Recently interviewed with jane street for a 5 round interview and the interviewers were very friendly.
The first round was the Take Home test, and I opened the file to find it was all familiar past work, and was secretly glad to be off to a good start.
The second round was a thirty-minute phone interview with HR, and after the regular questions there were actually a couple of Brain Teaser hits, which were overwhelming and full of surprises.
The third round was an hour long Numeracy challenge where the interviewer's first question was to count how many plastic bags there are in a city. After we finished, we were then asked to count how many fours there were to the tune of 1,000 miles, and luckily we didn't miscalculate.
Fourth round of one-hour resume deep dives. This round was relatively uneventful, mainly asking about past experience. However, a question about "short selling" popped up, but it was a good one.

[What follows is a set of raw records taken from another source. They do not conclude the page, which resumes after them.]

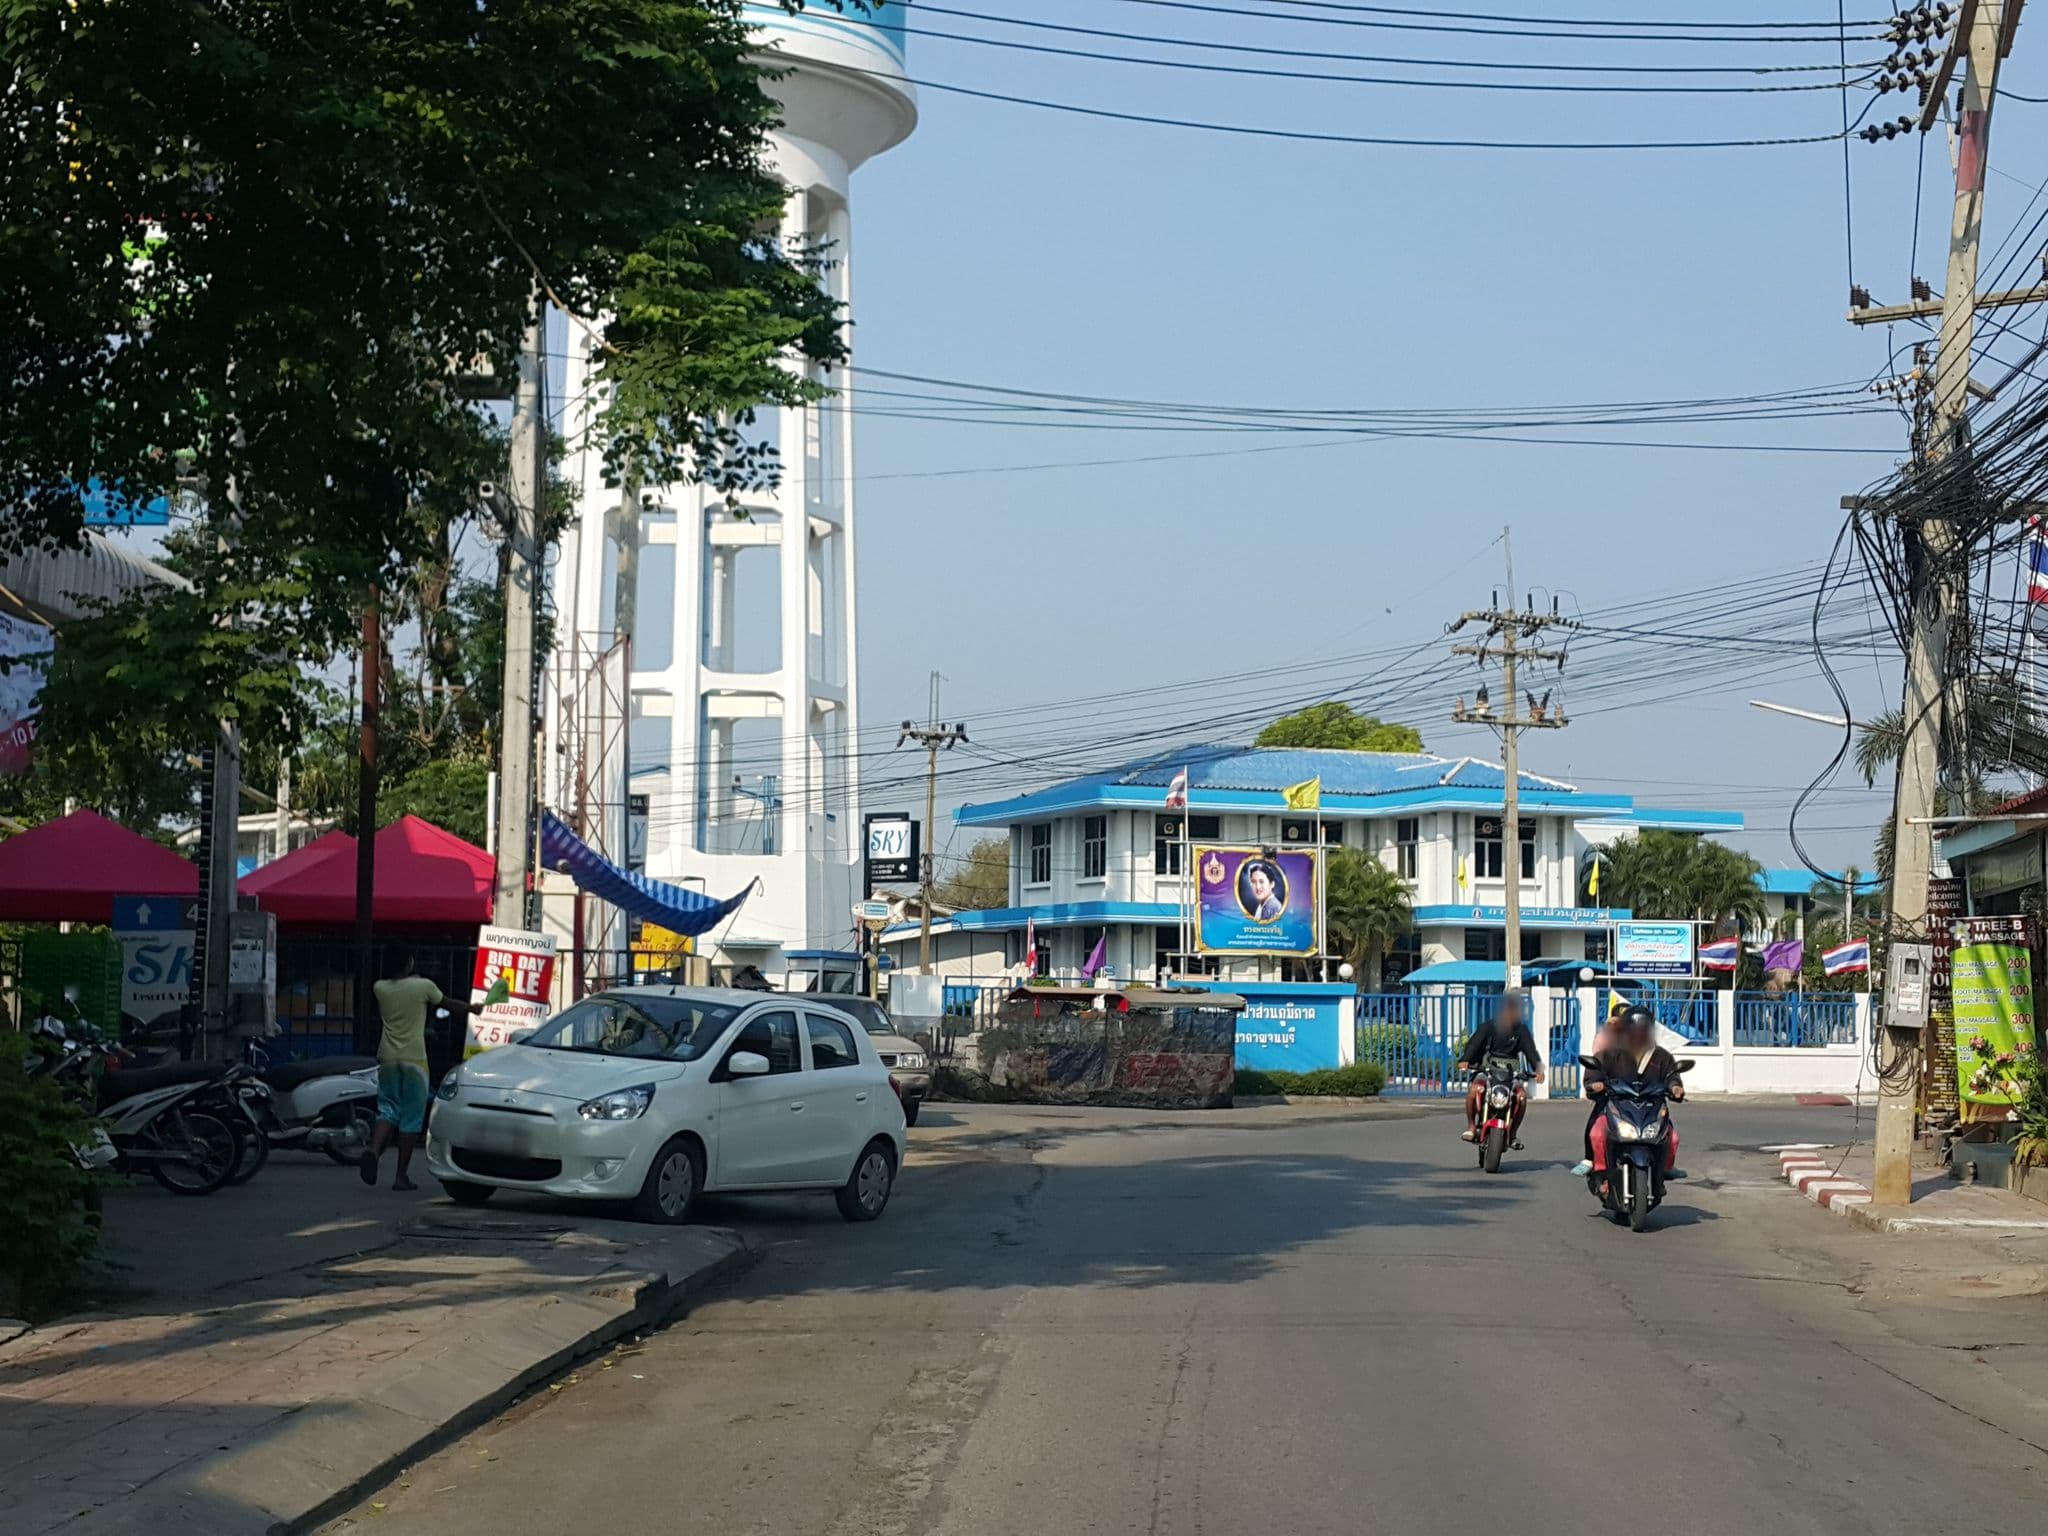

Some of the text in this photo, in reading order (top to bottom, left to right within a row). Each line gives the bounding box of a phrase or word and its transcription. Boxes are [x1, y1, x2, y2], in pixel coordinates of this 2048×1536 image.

[871, 829, 909, 855] SKY
[1973, 920, 2022, 932] TREE-B
[1974, 932, 2026, 942] MASSAGE
[127, 940, 194, 986] SK
[488, 950, 546, 972] BIG DAY
[2007, 957, 2028, 969] 200
[483, 965, 541, 996] SALE
[2009, 984, 2030, 996] 200
[2011, 1013, 2032, 1025] 300
[474, 1025, 501, 1043] 7.5

The fifth round of the two-and-a-half-hour technical test was divided into two consecutive interviews. The first one went well, the second interviewer pulled out Excel and asked us to dictate her operation, there was a communication misunderstanding during the process, some steps got stuck, the interviewer and we were quite uncomfortable, the atmosphere was tense all of a sudden.
Code questions from the Jane street interview process are shared below.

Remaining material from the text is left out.